Gnome Sweet Gnome (The Naked City)
With all the conflict and chaos in the world today maybe it’s timely to briefly digress from the tragic norm and enter a fantasy world that seems to make everybody happy – something that has long been part of the Australian suburban tradition. While garden ornaments are not as popular in 2025 there is every indication it’s heading for a renaissance, an unbridled resurgence of kitsch and universal goodwill.
Yes, gnomes and flamingos and every variety of Australian fauna reproduced in rusty steel, concrete and twisted wire. And that’s just for starters. Today there’s a whole new school of garden artisans, creating the most incredible additions for your manicured front yard or inner city balcony.
Flashback to the 50s and 60s and Australian yards were rife with all manner of decorative items like bird baths, fish ponds and not so cuddly concrete koalas. Whether it was a sign of prestige or you just wanted your bungalow in the burbs to stand out, installing a string of hot pink flamingos was common place.
As we gradually became more worldly and pseudo-sophisticated, many of these garden embellishments were derided as plain old kitsch. Their true value as genuine folk art was undermined by snotty nosed intellectuals who regarded much of suburban culture with disdain.
Today there’s a new appreciation by hip young art historians like Melbourne broadcaster Emma Peel, fascinated by the story of Australian garden ornamentation. In an ABC interview a few years ago Emma recalled spotting a Melbourne house fronted by a kangaroo ornament, complete with peeling paint and an ear that had fallen off and been concreted back on.
“It was an old Italian lady who told me the origins of why the kangaroo came to be there. It was because they moved to Australia post-war, her husband and herself, and just embraced the whole Australian lifestyle,” said Peel.
“It was so great that they were able to provide for their family back home in Sicily, and their relatives referred to her husband as Uncle Kangaroo.

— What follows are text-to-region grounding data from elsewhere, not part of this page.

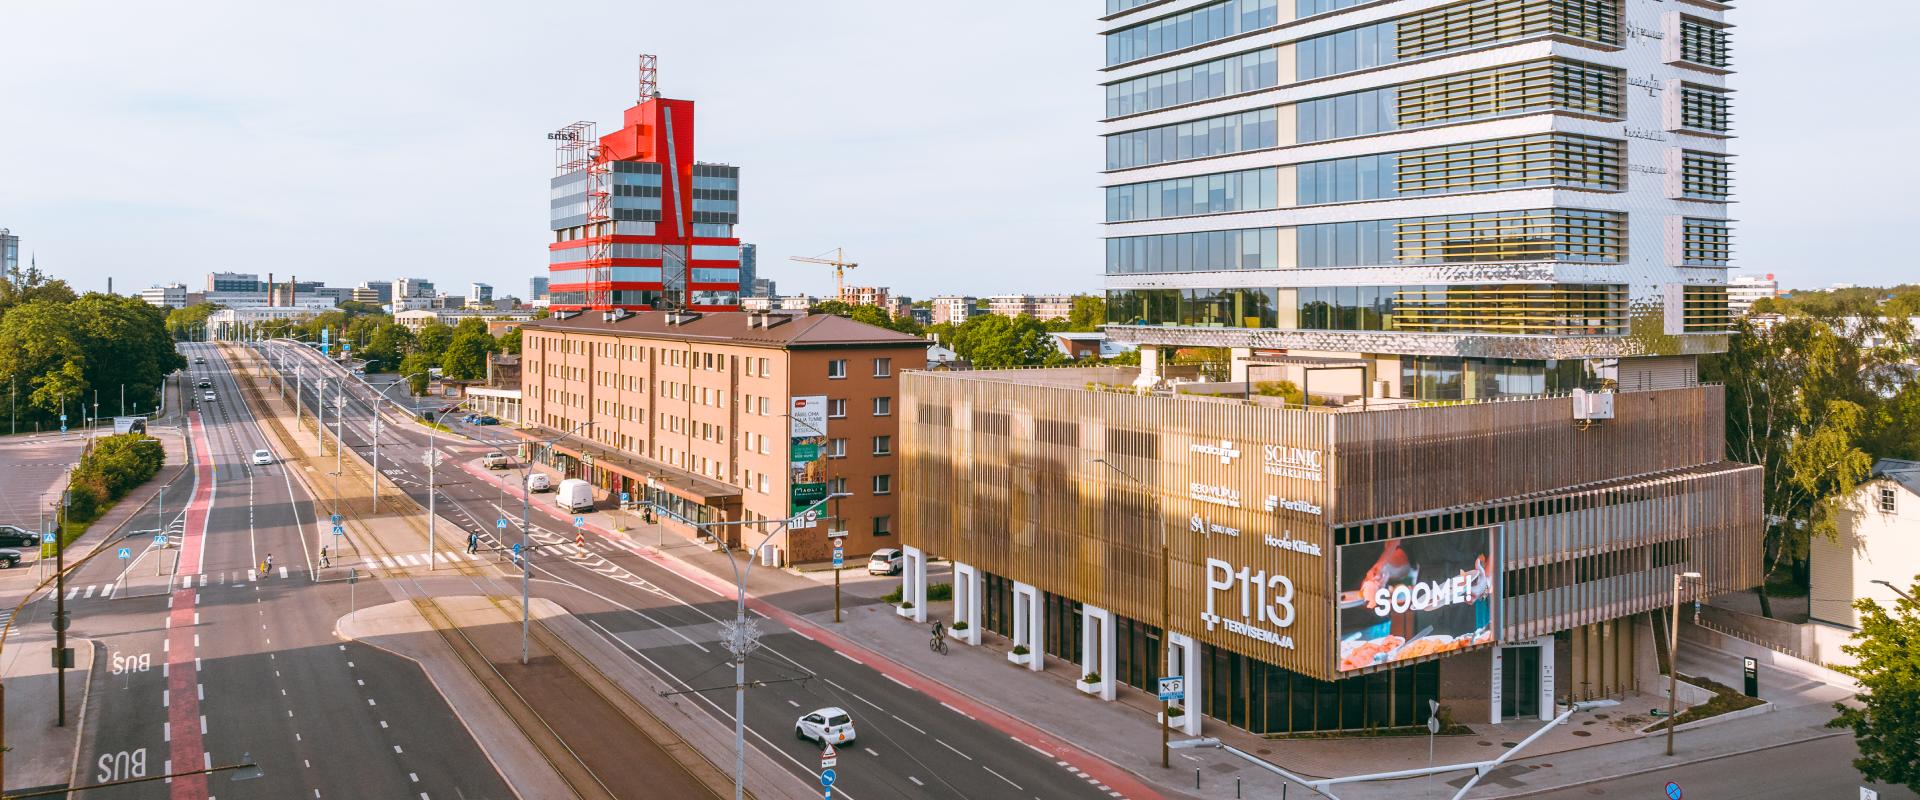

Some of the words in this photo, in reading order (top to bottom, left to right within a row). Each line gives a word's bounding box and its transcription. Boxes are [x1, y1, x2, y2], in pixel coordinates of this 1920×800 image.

[1279, 497, 1321, 515] Fertilitas
[1206, 557, 1296, 629] P113
[1374, 574, 1472, 617] SOOME!
[1223, 618, 1295, 650] TERVISEMAJA
[112, 651, 150, 675] BUS
[98, 747, 146, 784] BUS

So to mark that he went out and found this kangaroo ornament and cemented it by the front door and it is still there today.”
Marsupial statues might be thin on the ground these days but garden gnomes continue to proliferate. Their true origin is somewhat contested but it’s generally agreed it goes back several hundred years. They have long been regarded as protectors of the natural world as well as warding off robbers and various pests (like door to door sales people?). There are numerous other superstitions associated with them and they are often said to attract good luck and wealth. Break one however and you could be looking at a real run of misfortune.

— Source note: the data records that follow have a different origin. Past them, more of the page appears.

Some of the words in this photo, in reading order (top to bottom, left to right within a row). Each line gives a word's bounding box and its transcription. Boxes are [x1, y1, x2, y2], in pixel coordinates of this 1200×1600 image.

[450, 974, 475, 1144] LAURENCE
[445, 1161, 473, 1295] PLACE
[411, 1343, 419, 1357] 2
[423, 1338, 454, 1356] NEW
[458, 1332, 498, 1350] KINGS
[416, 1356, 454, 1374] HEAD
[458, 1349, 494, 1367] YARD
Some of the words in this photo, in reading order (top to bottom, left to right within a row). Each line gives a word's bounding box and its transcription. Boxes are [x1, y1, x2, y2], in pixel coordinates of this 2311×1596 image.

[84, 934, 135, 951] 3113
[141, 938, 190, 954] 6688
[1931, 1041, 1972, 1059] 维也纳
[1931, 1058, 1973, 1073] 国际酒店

Today in Australia they are readily available in stores like Bunnings or from a host of online retailers. They continue to be good sellers but just why people buy them is open to question. A Bunnings salesperson told me that they were popular with young families who bought them primarily for their kids as well as elderly pensioners looking to set up a small cactus and succulent garden on the balcony of their retirement apartment.
Sadly in a number of very rare cases they have been used as an instrument of death. In 2013, 76-year-old British ex-serviceman Frederick Gilliard beat his wife of fifty four years to death with a garden gnome, for which he received a somewhat lenient sentence of only four years. Gnomes have also been abducted and held for ransom, and in November of last year Dutch police discovered a 2kg gnome made almost entirely out of MDMA. That was certainly a case where the gnome would have brought its owner great wealth and happiness.
Not surprisingly a number of American companies have chosen to update the traditional garden gnome so you can now buy a little concrete critter draped with an automatic rifle. The selling point – ‘No one will look to challenge the fierce protectiveness conveyed by this modern decorative outdoor garden gnome’.
Perhaps if the great Australian tradition of garden ornamentation is to continue we need to ditch the gnomes and flamingos and look to something much more edgy. If you live in an apartment or inner city terrace you might consider a giant illuminous tarantula on your window sill or balcony – a great way to ward off a potential home invasion, Those with a big slab of grass in their front yard might opt for a cast iron Ned Kelly letterbox or a life size feral camel made entirely out of old beer cans.
The Sydney Morning Herald recently reported that public art was making the burbs safer with installations like illuminated murals in laneways that were previously regarded as unsafe. Forget about security cameras – let’s go for a more symbolic scattering of painted concrete eyeballs, René Magritte style. strategically placed in front yards and apartment buildings. It’s a message to all and sundry, not that big brother is watching, but that the community is looking out for you.
Beats a batch of freaky ceramic gnomes any day!